_Provided entries_
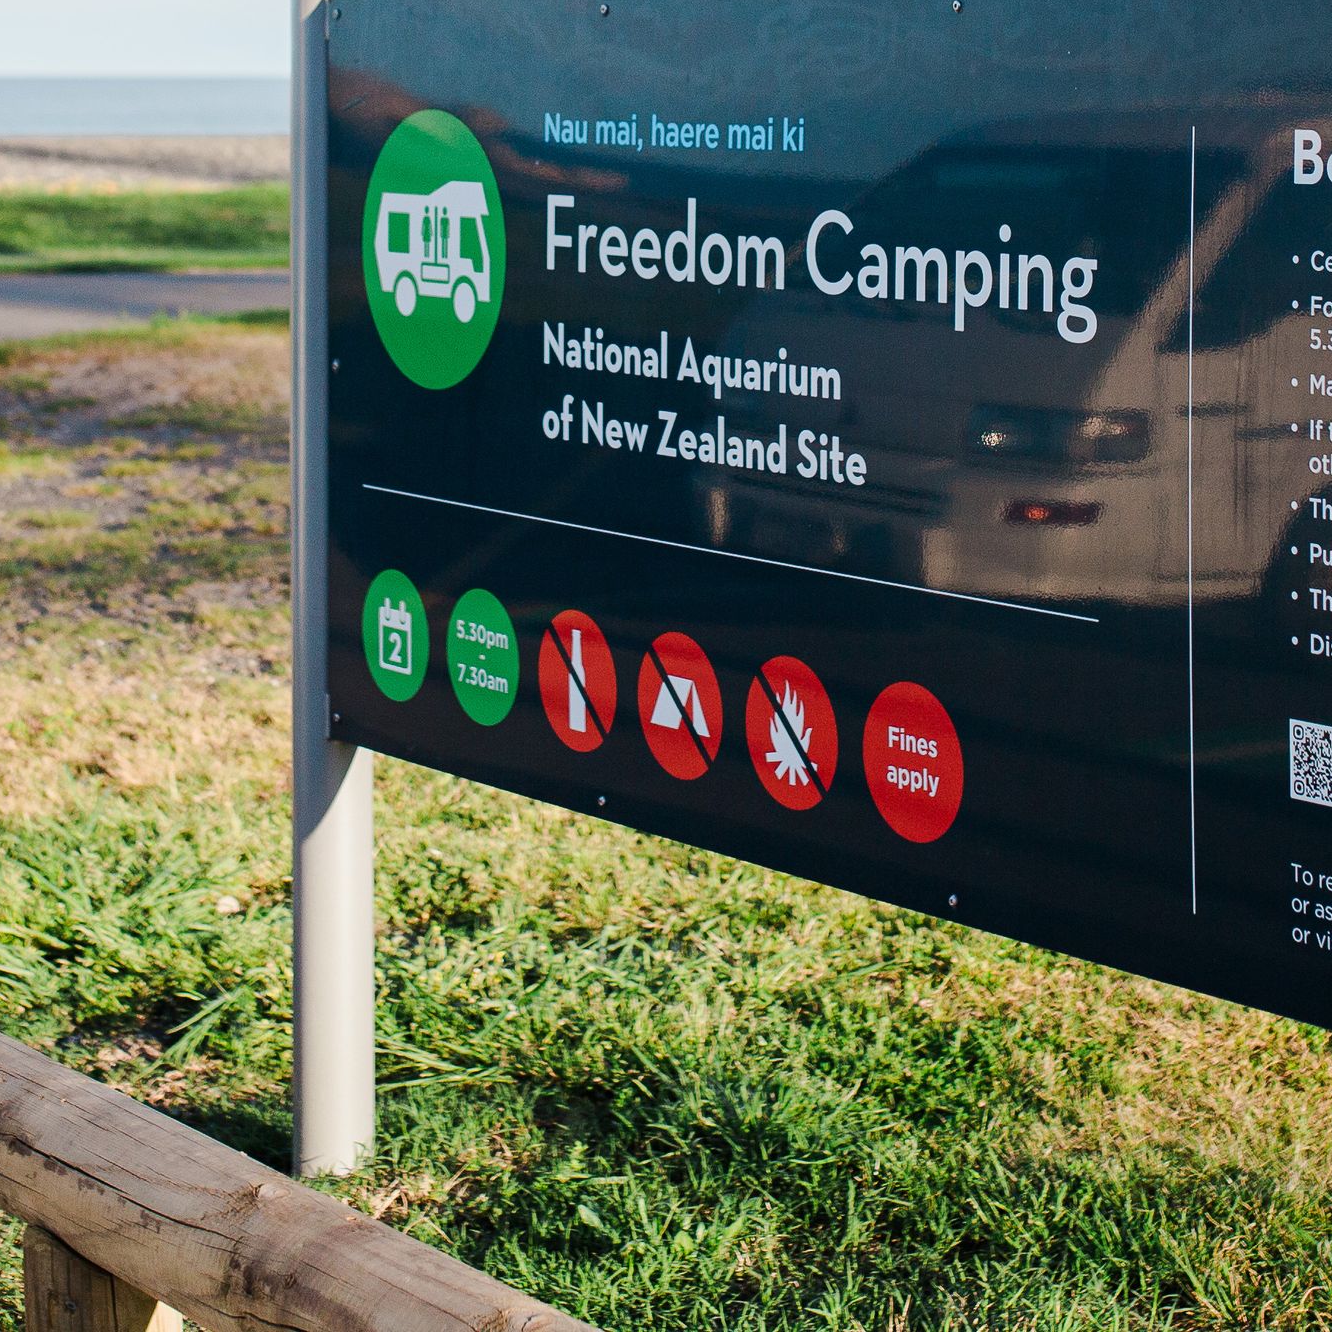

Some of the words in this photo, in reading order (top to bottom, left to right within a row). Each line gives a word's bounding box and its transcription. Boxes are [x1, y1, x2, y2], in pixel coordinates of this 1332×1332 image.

[544, 112, 588, 144] Nau
[595, 113, 643, 152] mai,
[651, 113, 720, 149] haere
[728, 117, 774, 151] mai
[782, 117, 805, 152] ki
[546, 193, 785, 290] Freedom
[805, 209, 1098, 344] Camping
[543, 321, 668, 379] National
[676, 336, 841, 401] Aquarium
[542, 394, 575, 441] of
[581, 399, 649, 453] New
[656, 410, 787, 475] Zealand
[796, 429, 867, 486] Site
[1309, 419, 1324, 441] If
[388, 632, 402, 663] 2
[456, 619, 509, 650] 5.30pm
[457, 663, 509, 694] 7.30am
[888, 725, 938, 758] Fines
[886, 765, 940, 798] apply
[1290, 862, 1314, 886] To
[1291, 897, 1310, 914] or
[1291, 927, 1311, 944] or

_Goal of the exercise_
Copy out the lines above unchanged. Skip the images.

_Solution for this task_
Some of the words in this photo, in reading order (top to bottom, left to right within a row). Each line gives a word's bounding box and its transcription. Boxes are [x1, y1, x2, y2], in pixel coordinates of this 1332×1332 image.

[544, 112, 588, 144] Nau
[595, 113, 643, 152] mai,
[651, 113, 720, 149] haere
[728, 117, 774, 151] mai
[782, 117, 805, 152] ki
[546, 193, 785, 290] Freedom
[805, 209, 1098, 344] Camping
[543, 321, 668, 379] National
[676, 336, 841, 401] Aquarium
[542, 394, 575, 441] of
[581, 399, 649, 453] New
[656, 410, 787, 475] Zealand
[796, 429, 867, 486] Site
[1309, 419, 1324, 441] If
[388, 632, 402, 663] 2
[456, 619, 509, 650] 5.30pm
[457, 663, 509, 694] 7.30am
[888, 725, 938, 758] Fines
[886, 765, 940, 798] apply
[1290, 862, 1314, 886] To
[1291, 897, 1310, 914] or
[1291, 927, 1311, 944] or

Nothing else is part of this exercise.